To address the infinitely loop, this rule can be conceptually rewritten as:
\[\begin{align} E_0 &:= \texttt{MisMatch} \newline E_{n} &:= E_{n-1} + n \; / \; n \end{align}\]We fix the start-parsing position to $0$ (w.r.t. $w$), and how to parse input $w$ using the rewritten rule is illustrated in the table below:
Position | $0$ | $1$ | $2$ | $3$ | $4$ | $5$ | Result |
---|---|---|---|---|---|---|---|
Non-terminal\Input | $n$ | $+$ | $n$ | $+$ | $n$ | $\Finv$ | |
$E_0$ | ❌ | $\texttt{MisMatch}$ | |||||
$E_1$ | 🔴 | $\texttt{Match}$ | |||||
$E_2$ | 🔴 | 🟡 | 🟡 | $\texttt{Match}$ | |||
$E_3$ | 🔴 | 🟡 | 🟡 | 🟢 | 🟢 | $\texttt{Match}$ | |
$E_4$ | 🔴 | $\texttt{Match}$ |
- $E_0$ always fails by definition
- Since $E_0$ always fails, $E_1$ chooses its 2nd alternative, and matches $w[0]$
- $E_2$ chooses its 1st alternative, with $E_1$ matches $w[0]$, and matches up to $w[0:3]$
- $E_3$ chooses its 1st alternative, with $E_2$ matches $w[0:3]$, and matches up to $w[0:5]$
- If $E_4$ chooses its 1st alternative, it has to match $n + n + n + n$ which exceeds $w$. Therefore $E_4$ has to choose its 2nd alternative, and matches $w[0]$
Defining $E_0 := \texttt{MisMatch}$ is an implementation trick.
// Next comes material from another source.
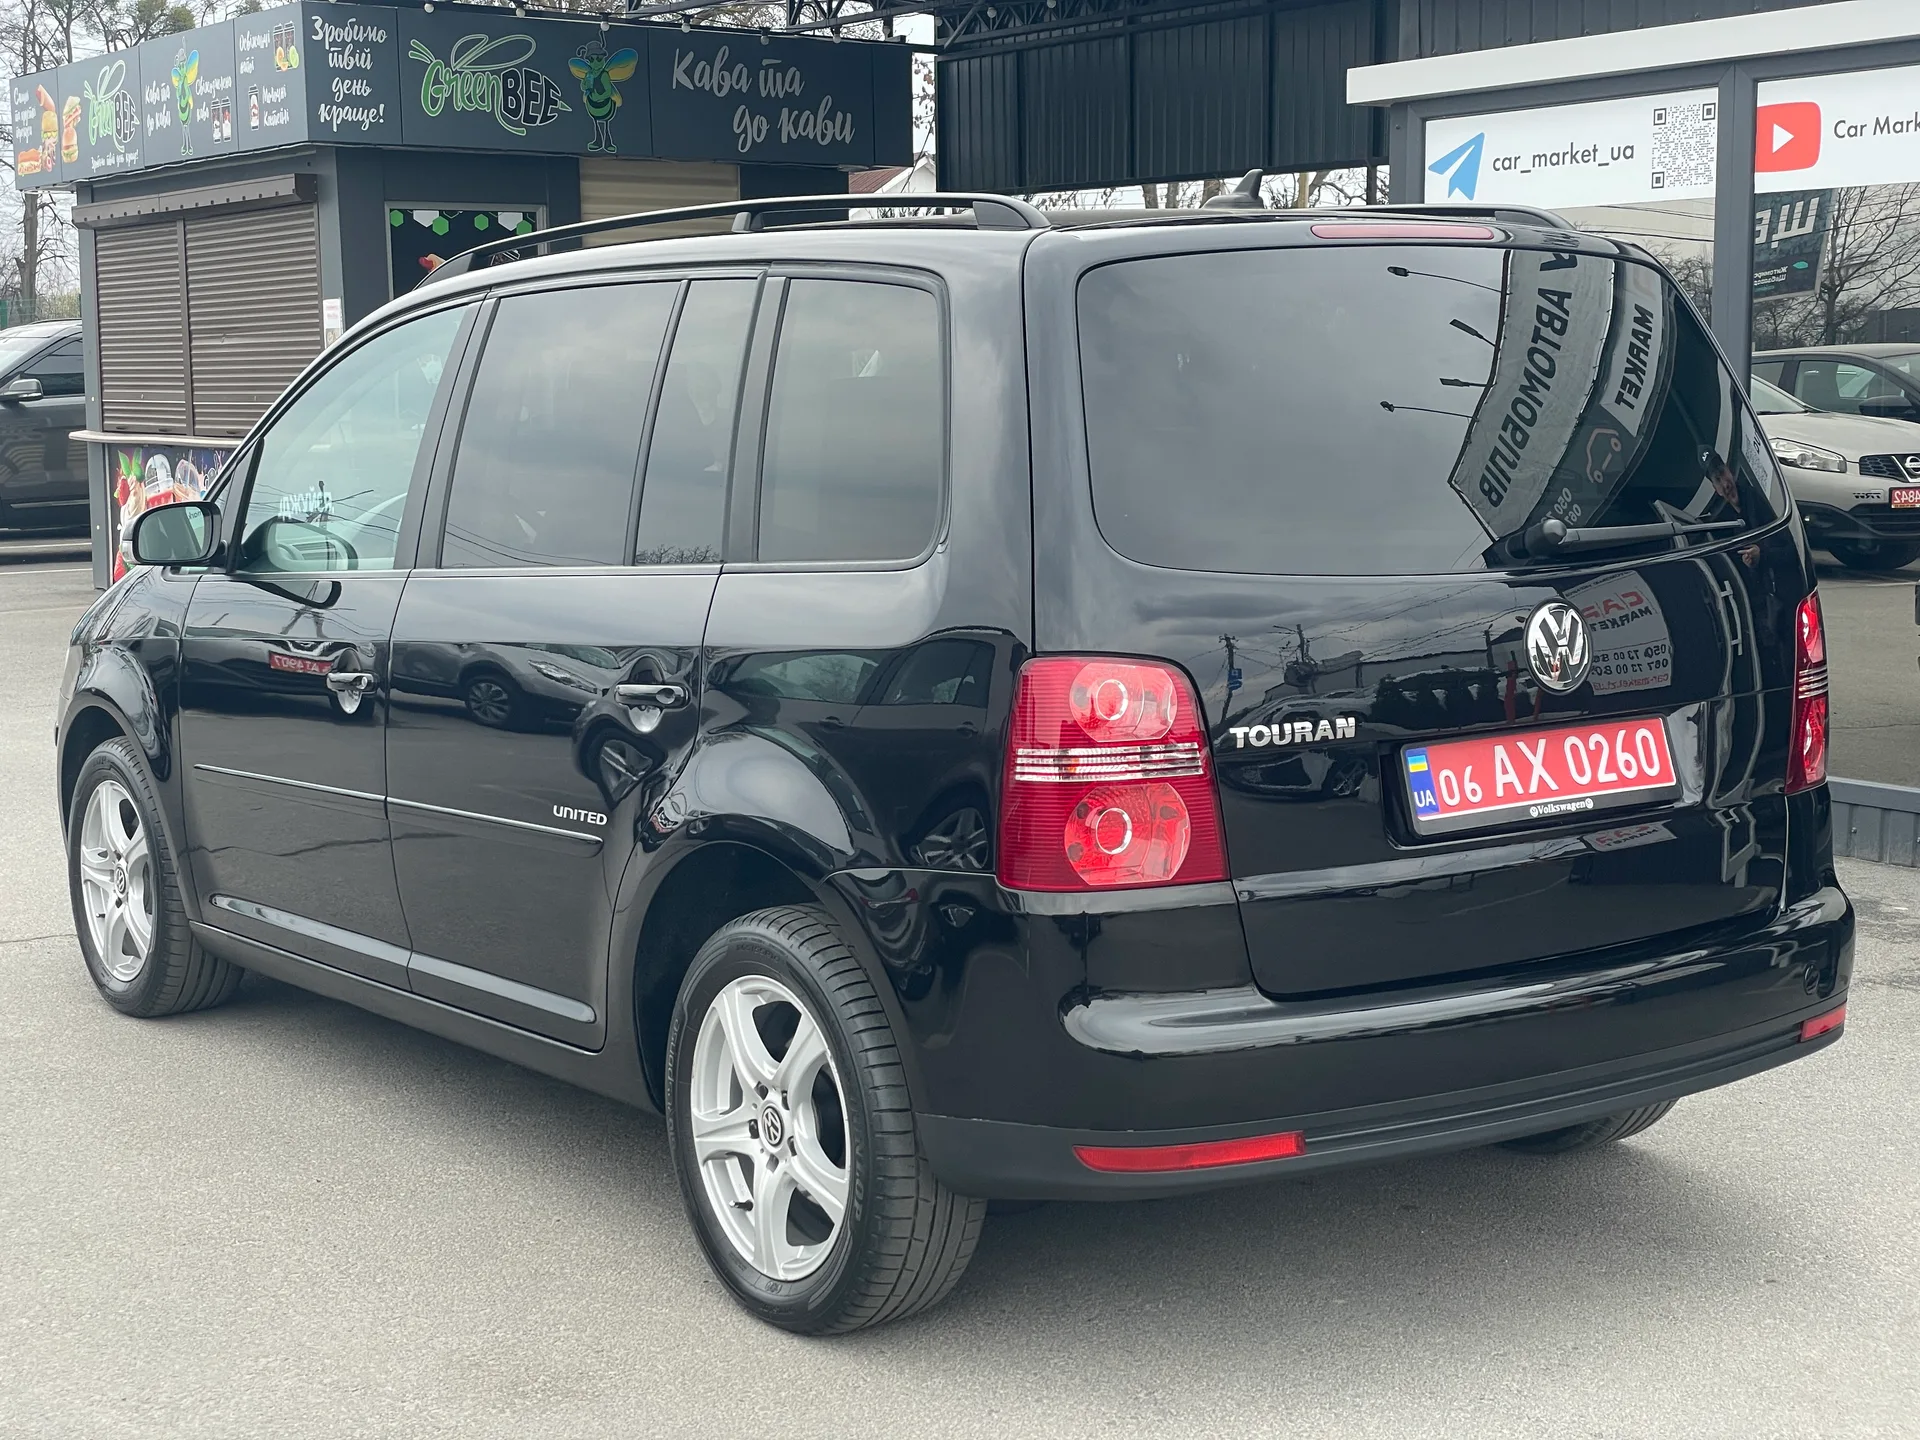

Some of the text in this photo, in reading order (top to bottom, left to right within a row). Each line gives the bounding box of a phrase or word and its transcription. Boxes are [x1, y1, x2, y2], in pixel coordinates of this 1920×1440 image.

Conceptually you can start from $E_1 := n$ (i.e. forcing $E_1$ to choose the non-recursive alternative directly) in this case.
If we consider the match of $E_{n}$ using $E_{n-1}$ a single parsing step, Masaki summarized:
…, the shortest string is matched in the first step and the matched range increases with each subsequent step. When the match is already reached to the longest possible range, the result of the next parsing step returns to the first shortest value.
We define:
- seed: the result of the first match, $E_1$
- seed-growing: the iterative process of matching $E_{n}$ using $E_{n-1}$
Seed-growing should stop when we have reached the longest match.
3. Implementation with Packrat Memorization
We can define a memorization map like memos(non-terminal, pos) = (result, endpos)
.
To define $E_0 := \texttt{MisMatch}$, we can initialize $\operatorname{memos}(E, 0) = (\texttt{MisMatch}, 0)$.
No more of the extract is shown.